▶ _Required work_
Exactly as written, repeat all of the records below.

*** Records supplied Section Begins ***

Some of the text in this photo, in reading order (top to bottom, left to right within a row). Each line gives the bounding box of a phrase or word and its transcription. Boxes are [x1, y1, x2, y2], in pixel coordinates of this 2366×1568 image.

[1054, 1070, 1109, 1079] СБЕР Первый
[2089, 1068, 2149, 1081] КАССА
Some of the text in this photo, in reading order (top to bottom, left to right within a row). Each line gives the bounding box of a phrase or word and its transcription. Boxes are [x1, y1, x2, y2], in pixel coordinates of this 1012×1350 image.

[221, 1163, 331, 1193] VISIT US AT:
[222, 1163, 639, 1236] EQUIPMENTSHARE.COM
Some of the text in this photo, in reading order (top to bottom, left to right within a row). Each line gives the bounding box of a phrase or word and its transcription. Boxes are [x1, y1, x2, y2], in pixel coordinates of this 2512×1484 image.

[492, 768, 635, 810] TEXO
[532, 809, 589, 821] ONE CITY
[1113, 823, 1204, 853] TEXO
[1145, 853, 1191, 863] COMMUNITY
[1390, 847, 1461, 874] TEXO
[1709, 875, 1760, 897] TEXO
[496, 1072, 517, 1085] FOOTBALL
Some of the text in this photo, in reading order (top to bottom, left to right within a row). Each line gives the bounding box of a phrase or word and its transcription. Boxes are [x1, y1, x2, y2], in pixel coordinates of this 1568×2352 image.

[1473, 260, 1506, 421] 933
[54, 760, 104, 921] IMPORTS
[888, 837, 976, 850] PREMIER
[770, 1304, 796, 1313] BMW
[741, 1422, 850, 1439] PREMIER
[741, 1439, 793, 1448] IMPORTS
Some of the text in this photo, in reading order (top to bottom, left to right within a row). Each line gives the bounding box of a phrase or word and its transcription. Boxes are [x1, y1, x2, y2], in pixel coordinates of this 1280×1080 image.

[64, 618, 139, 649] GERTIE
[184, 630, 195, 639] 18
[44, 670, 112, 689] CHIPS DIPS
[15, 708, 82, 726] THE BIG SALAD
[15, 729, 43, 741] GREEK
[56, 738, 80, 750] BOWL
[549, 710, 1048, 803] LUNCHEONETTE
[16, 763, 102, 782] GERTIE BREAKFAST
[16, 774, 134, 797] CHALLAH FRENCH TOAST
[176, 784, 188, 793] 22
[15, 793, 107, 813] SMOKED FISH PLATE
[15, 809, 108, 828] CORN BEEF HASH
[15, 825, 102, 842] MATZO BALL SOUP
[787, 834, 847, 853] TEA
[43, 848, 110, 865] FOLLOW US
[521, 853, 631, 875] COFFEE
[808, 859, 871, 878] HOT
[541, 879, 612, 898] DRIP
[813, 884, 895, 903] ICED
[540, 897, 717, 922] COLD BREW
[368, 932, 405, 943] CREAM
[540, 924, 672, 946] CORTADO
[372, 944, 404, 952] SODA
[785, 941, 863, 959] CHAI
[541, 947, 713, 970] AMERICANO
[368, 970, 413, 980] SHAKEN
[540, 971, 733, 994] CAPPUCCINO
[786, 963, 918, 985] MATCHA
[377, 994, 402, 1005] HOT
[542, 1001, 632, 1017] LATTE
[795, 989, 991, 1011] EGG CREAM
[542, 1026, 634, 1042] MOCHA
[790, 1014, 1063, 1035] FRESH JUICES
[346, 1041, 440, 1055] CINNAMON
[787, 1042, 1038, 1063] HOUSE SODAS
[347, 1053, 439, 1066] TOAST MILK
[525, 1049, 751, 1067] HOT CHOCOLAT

*** Records supplied Section Ends ***

▶ _Task solution_
Some of the text in this photo, in reading order (top to bottom, left to right within a row). Each line gives the bounding box of a phrase or word and its transcription. Boxes are [x1, y1, x2, y2], in pixel coordinates of this 2366×1568 image.

[1054, 1070, 1109, 1079] СБЕР Первый
[2089, 1068, 2149, 1081] КАССА
Some of the text in this photo, in reading order (top to bottom, left to right within a row). Each line gives the bounding box of a phrase or word and its transcription. Boxes are [x1, y1, x2, y2], in pixel coordinates of this 1012×1350 image.

[221, 1163, 331, 1193] VISIT US AT:
[222, 1163, 639, 1236] EQUIPMENTSHARE.COM
Some of the text in this photo, in reading order (top to bottom, left to right within a row). Each line gives the bounding box of a phrase or word and its transcription. Boxes are [x1, y1, x2, y2], in pixel coordinates of this 2512×1484 image.

[492, 768, 635, 810] TEXO
[532, 809, 589, 821] ONE CITY
[1113, 823, 1204, 853] TEXO
[1145, 853, 1191, 863] COMMUNITY
[1390, 847, 1461, 874] TEXO
[1709, 875, 1760, 897] TEXO
[496, 1072, 517, 1085] FOOTBALL
Some of the text in this photo, in reading order (top to bottom, left to right within a row). Each line gives the bounding box of a phrase or word and its transcription. Boxes are [x1, y1, x2, y2], in pixel coordinates of this 1568×2352 image.

[1473, 260, 1506, 421] 933
[54, 760, 104, 921] IMPORTS
[888, 837, 976, 850] PREMIER
[770, 1304, 796, 1313] BMW
[741, 1422, 850, 1439] PREMIER
[741, 1439, 793, 1448] IMPORTS
Some of the text in this photo, in reading order (top to bottom, left to right within a row). Each line gives the bounding box of a phrase or word and its transcription. Boxes are [x1, y1, x2, y2], in pixel coordinates of this 1280×1080 image.

[64, 618, 139, 649] GERTIE
[184, 630, 195, 639] 18
[44, 670, 112, 689] CHIPS DIPS
[15, 708, 82, 726] THE BIG SALAD
[15, 729, 43, 741] GREEK
[56, 738, 80, 750] BOWL
[549, 710, 1048, 803] LUNCHEONETTE
[16, 763, 102, 782] GERTIE BREAKFAST
[16, 774, 134, 797] CHALLAH FRENCH TOAST
[176, 784, 188, 793] 22
[15, 793, 107, 813] SMOKED FISH PLATE
[15, 809, 108, 828] CORN BEEF HASH
[15, 825, 102, 842] MATZO BALL SOUP
[787, 834, 847, 853] TEA
[43, 848, 110, 865] FOLLOW US
[521, 853, 631, 875] COFFEE
[808, 859, 871, 878] HOT
[541, 879, 612, 898] DRIP
[813, 884, 895, 903] ICED
[540, 897, 717, 922] COLD BREW
[368, 932, 405, 943] CREAM
[540, 924, 672, 946] CORTADO
[372, 944, 404, 952] SODA
[785, 941, 863, 959] CHAI
[541, 947, 713, 970] AMERICANO
[368, 970, 413, 980] SHAKEN
[540, 971, 733, 994] CAPPUCCINO
[786, 963, 918, 985] MATCHA
[377, 994, 402, 1005] HOT
[542, 1001, 632, 1017] LATTE
[795, 989, 991, 1011] EGG CREAM
[542, 1026, 634, 1042] MOCHA
[790, 1014, 1063, 1035] FRESH JUICES
[346, 1041, 440, 1055] CINNAMON
[787, 1042, 1038, 1063] HOUSE SODAS
[347, 1053, 439, 1066] TOAST MILK
[525, 1049, 751, 1067] HOT CHOCOLAT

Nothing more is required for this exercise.